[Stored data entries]
=== Begin Enclosure ===
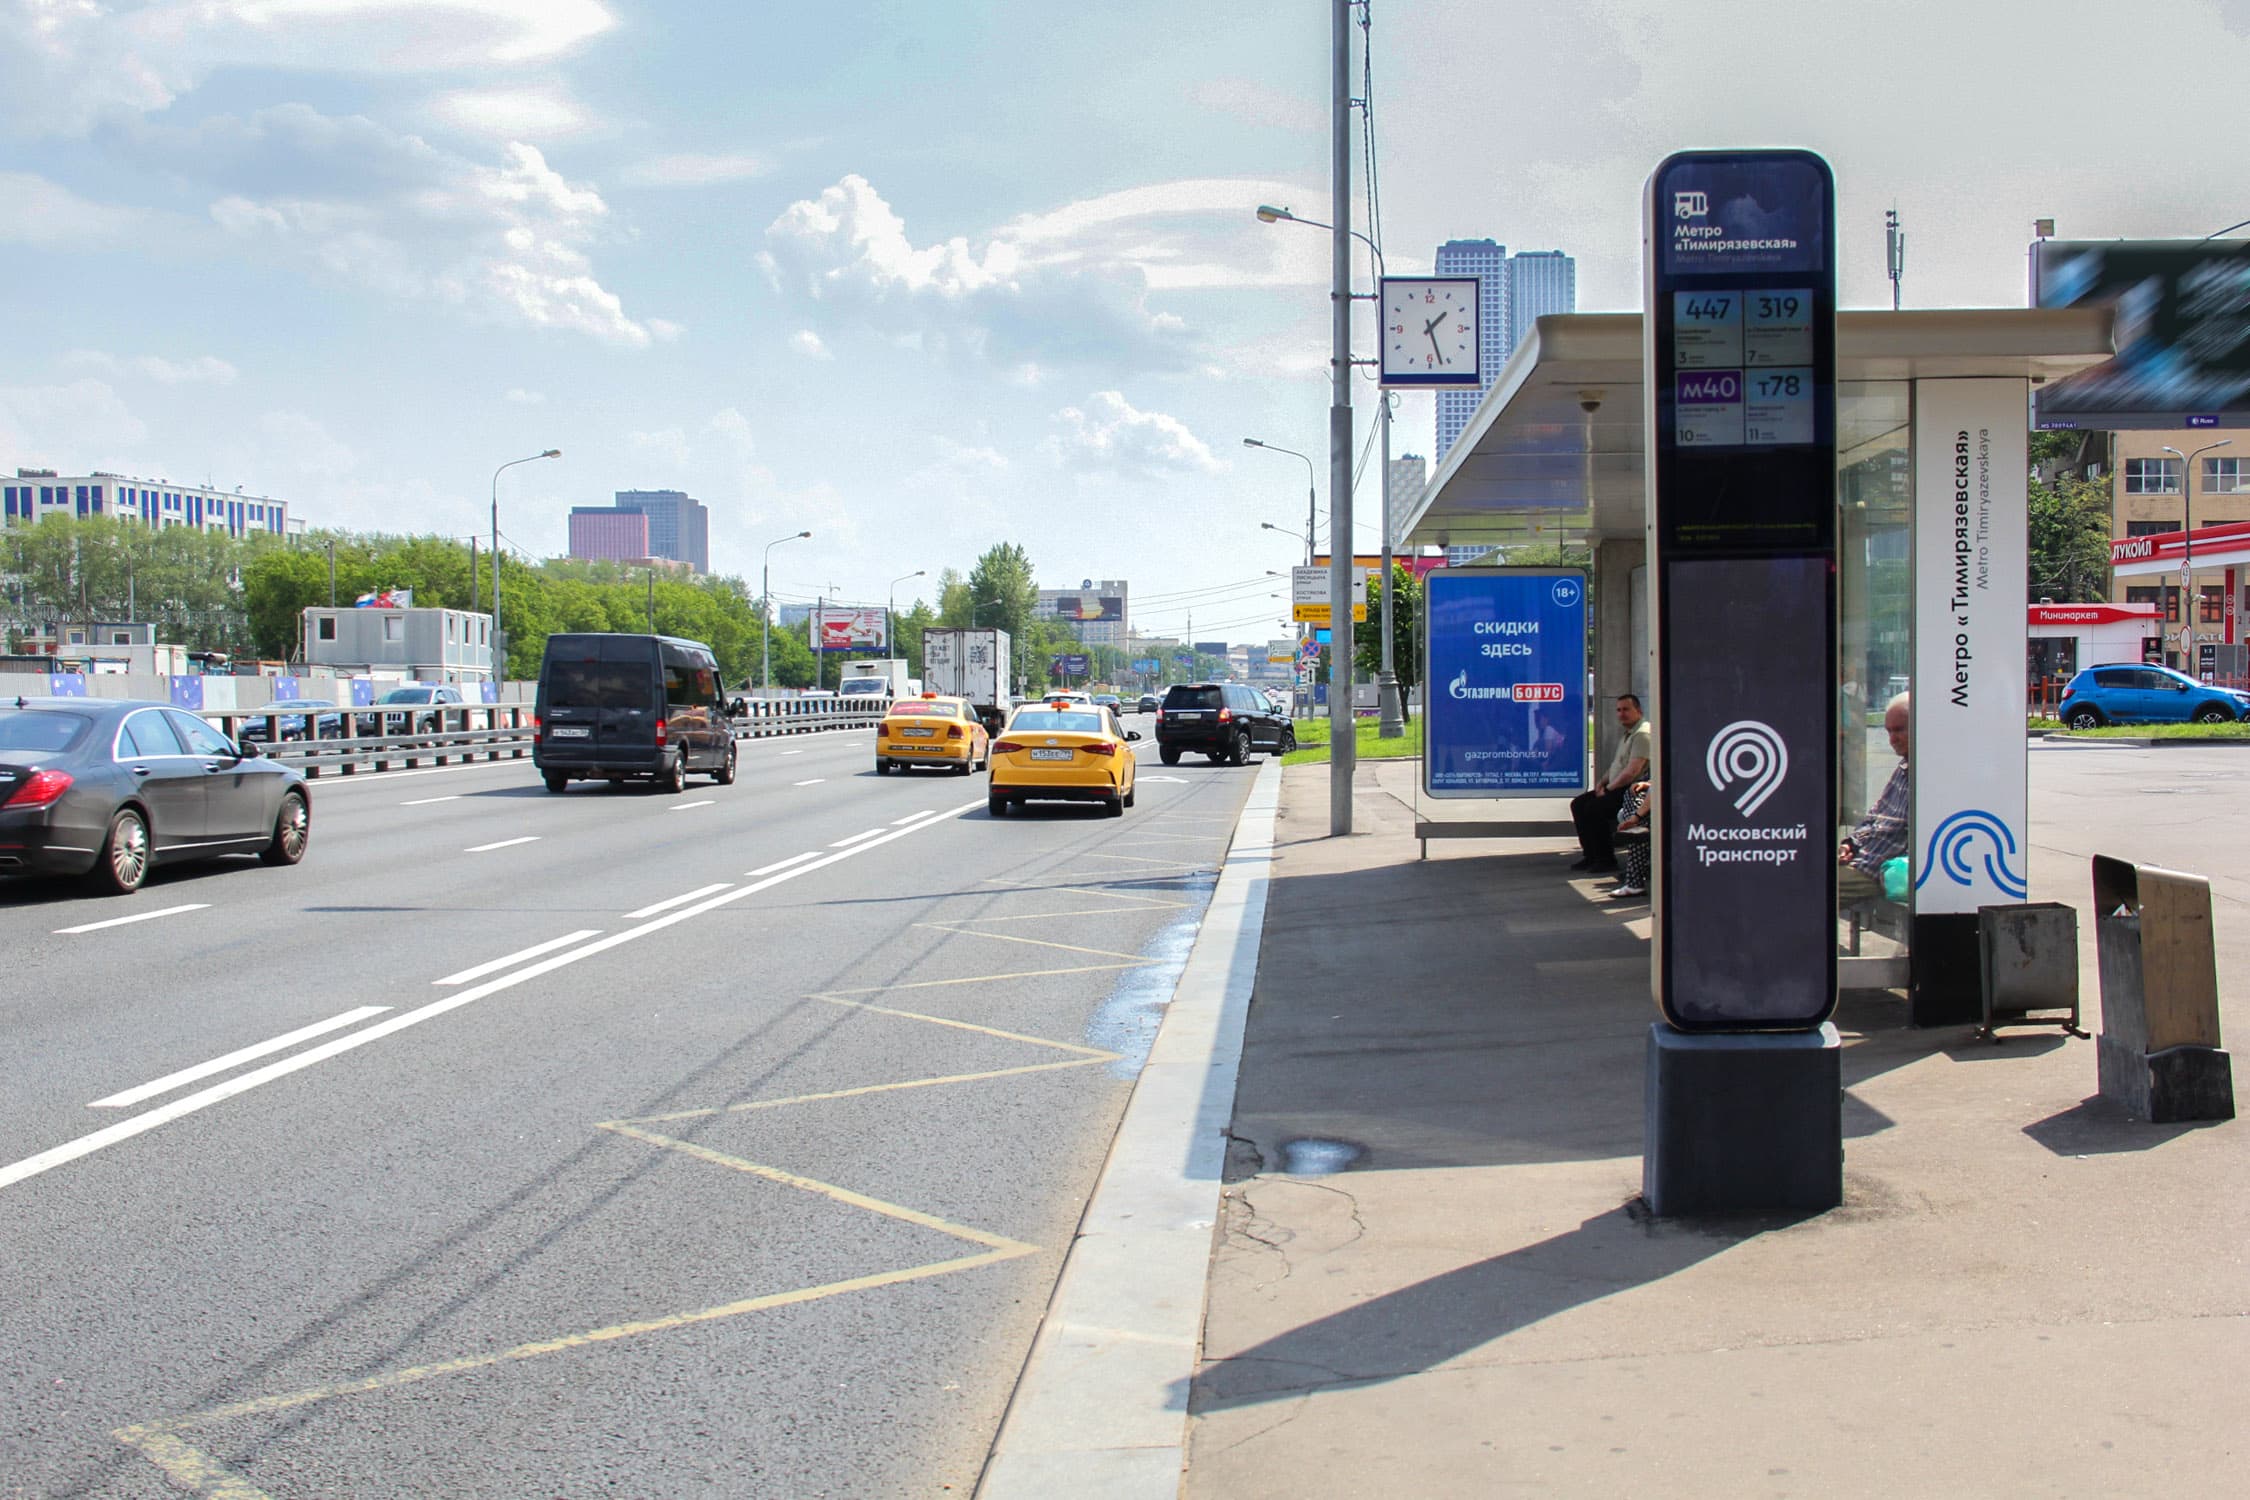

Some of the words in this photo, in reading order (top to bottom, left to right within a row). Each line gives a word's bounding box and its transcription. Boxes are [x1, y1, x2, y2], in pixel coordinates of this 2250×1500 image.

[1674, 225, 1723, 239] Метро
[1674, 238, 1797, 252] «Тимирязевская»
[1425, 295, 1435, 304] 12
[1686, 298, 1731, 319] 447
[1758, 297, 1798, 318] 319
[1396, 324, 1404, 334] 9
[1457, 324, 1464, 333] 3
[1426, 354, 1433, 363] 6
[1679, 351, 1687, 364] 3
[1748, 350, 1757, 362] 7
[1680, 430, 1694, 442] 10
[1749, 428, 1759, 441] 11
[1976, 428, 1992, 544] Timiryazevskaya
[2112, 538, 2152, 560] ЛУКОЙЛ
[1976, 548, 1989, 590] Metro
[1556, 588, 1575, 598] 18+
[2040, 611, 2099, 622] Минимаркет
[1474, 622, 1539, 636] СКИДКИ
[1481, 644, 1532, 658] ЗДЕСЬ
[1951, 633, 1973, 707] Метро
[1467, 687, 1510, 699] ГАЗПРОМ
[1515, 686, 1560, 698] БОНУС
[1465, 751, 1549, 761] gazprombonus.ru
[1688, 824, 1807, 841] Московский
[1696, 846, 1797, 867] Транспорт
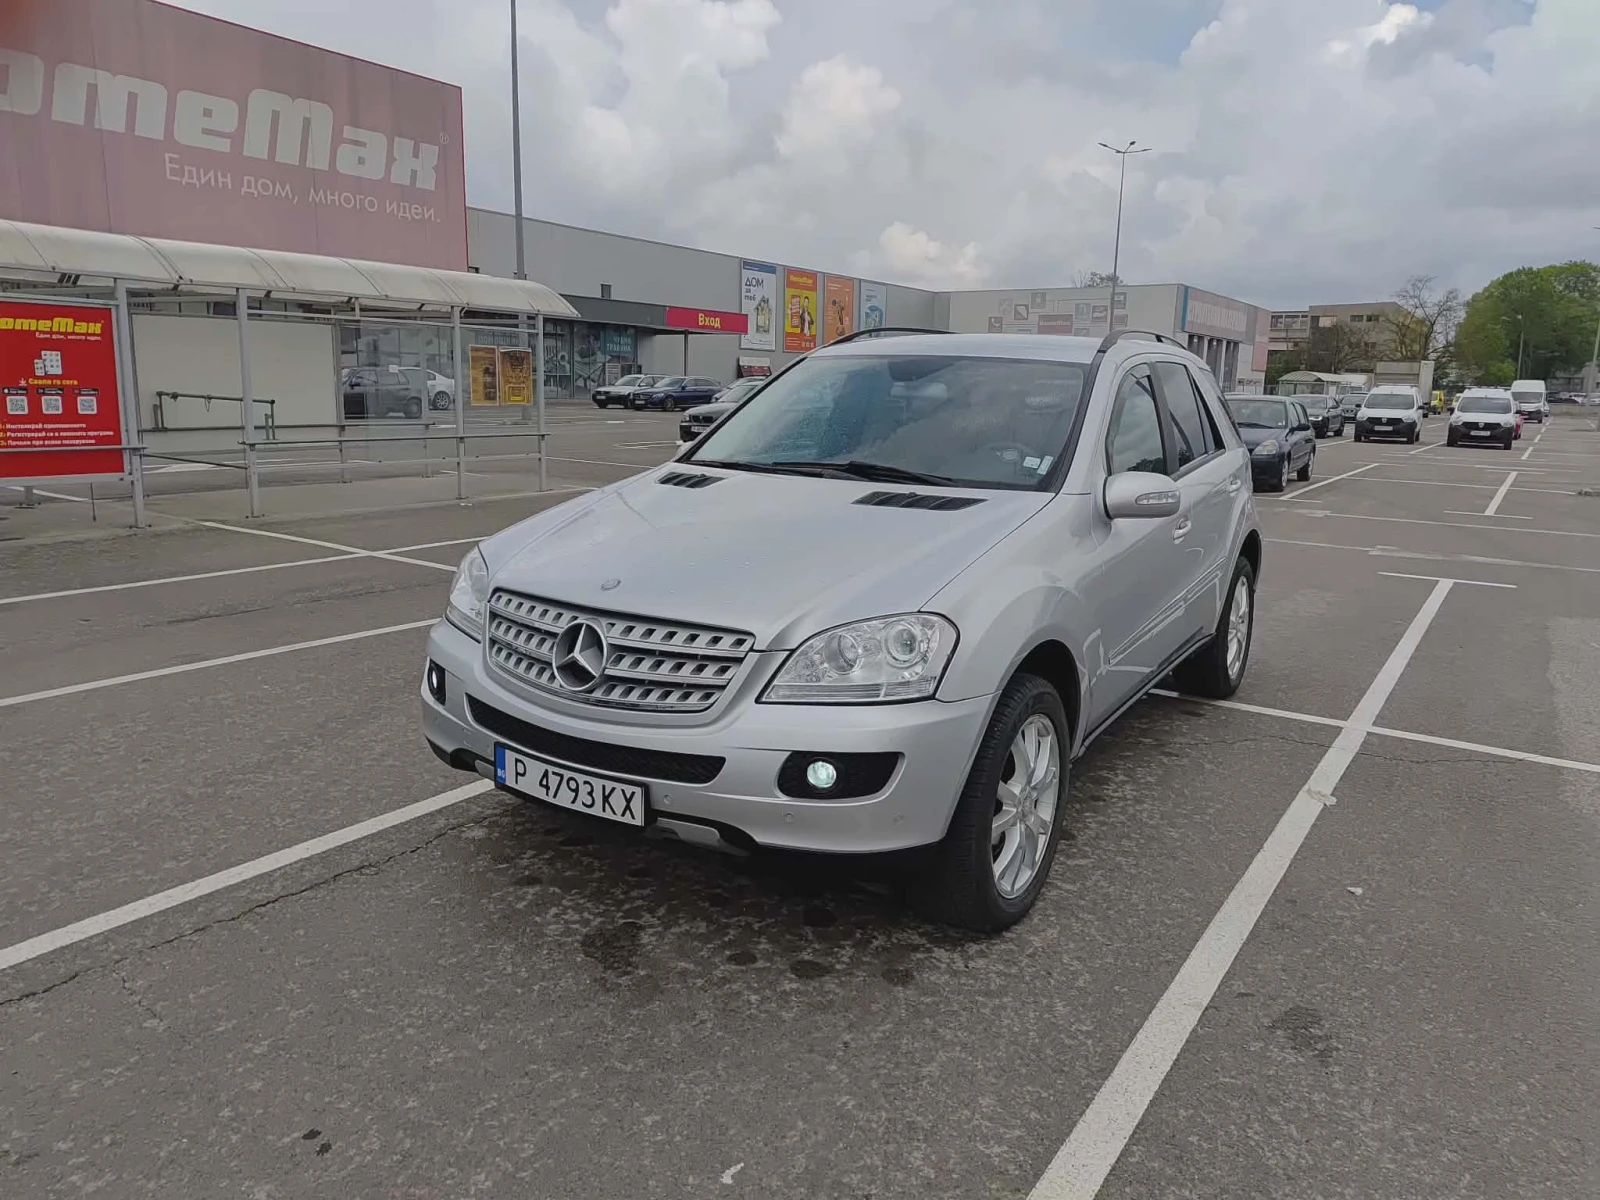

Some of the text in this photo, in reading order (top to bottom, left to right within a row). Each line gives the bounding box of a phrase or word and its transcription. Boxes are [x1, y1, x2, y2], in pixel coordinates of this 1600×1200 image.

[165, 153, 441, 222] Един дом, много идеи.
[745, 277, 764, 288] ДОМ
[698, 313, 721, 328] Вход
[497, 768, 505, 778] BG
[514, 757, 636, 820] P 4793 KX
=== End Enclosure ===
PROBLEM STATEMENT:
Repeat each of the records exactly as written, except for the pictures, which are to be left out.

REPLY:
Some of the words in this photo, in reading order (top to bottom, left to right within a row). Each line gives a word's bounding box and its transcription. Boxes are [x1, y1, x2, y2], in pixel coordinates of this 2250×1500 image.

[1674, 225, 1723, 239] Метро
[1674, 238, 1797, 252] «Тимирязевская»
[1425, 295, 1435, 304] 12
[1686, 298, 1731, 319] 447
[1758, 297, 1798, 318] 319
[1396, 324, 1404, 334] 9
[1457, 324, 1464, 333] 3
[1426, 354, 1433, 363] 6
[1679, 351, 1687, 364] 3
[1748, 350, 1757, 362] 7
[1680, 430, 1694, 442] 10
[1749, 428, 1759, 441] 11
[1976, 428, 1992, 544] Timiryazevskaya
[2112, 538, 2152, 560] ЛУКОЙЛ
[1976, 548, 1989, 590] Metro
[1556, 588, 1575, 598] 18+
[2040, 611, 2099, 622] Минимаркет
[1474, 622, 1539, 636] СКИДКИ
[1481, 644, 1532, 658] ЗДЕСЬ
[1951, 633, 1973, 707] Метро
[1467, 687, 1510, 699] ГАЗПРОМ
[1515, 686, 1560, 698] БОНУС
[1465, 751, 1549, 761] gazprombonus.ru
[1688, 824, 1807, 841] Московский
[1696, 846, 1797, 867] Транспорт

Some of the text in this photo, in reading order (top to bottom, left to right within a row). Each line gives the bounding box of a phrase or word and its transcription. Boxes are [x1, y1, x2, y2], in pixel coordinates of this 1600×1200 image.

[165, 153, 441, 222] Един дом, много идеи.
[745, 277, 764, 288] ДОМ
[698, 313, 721, 328] Вход
[497, 768, 505, 778] BG
[514, 757, 636, 820] P 4793 KX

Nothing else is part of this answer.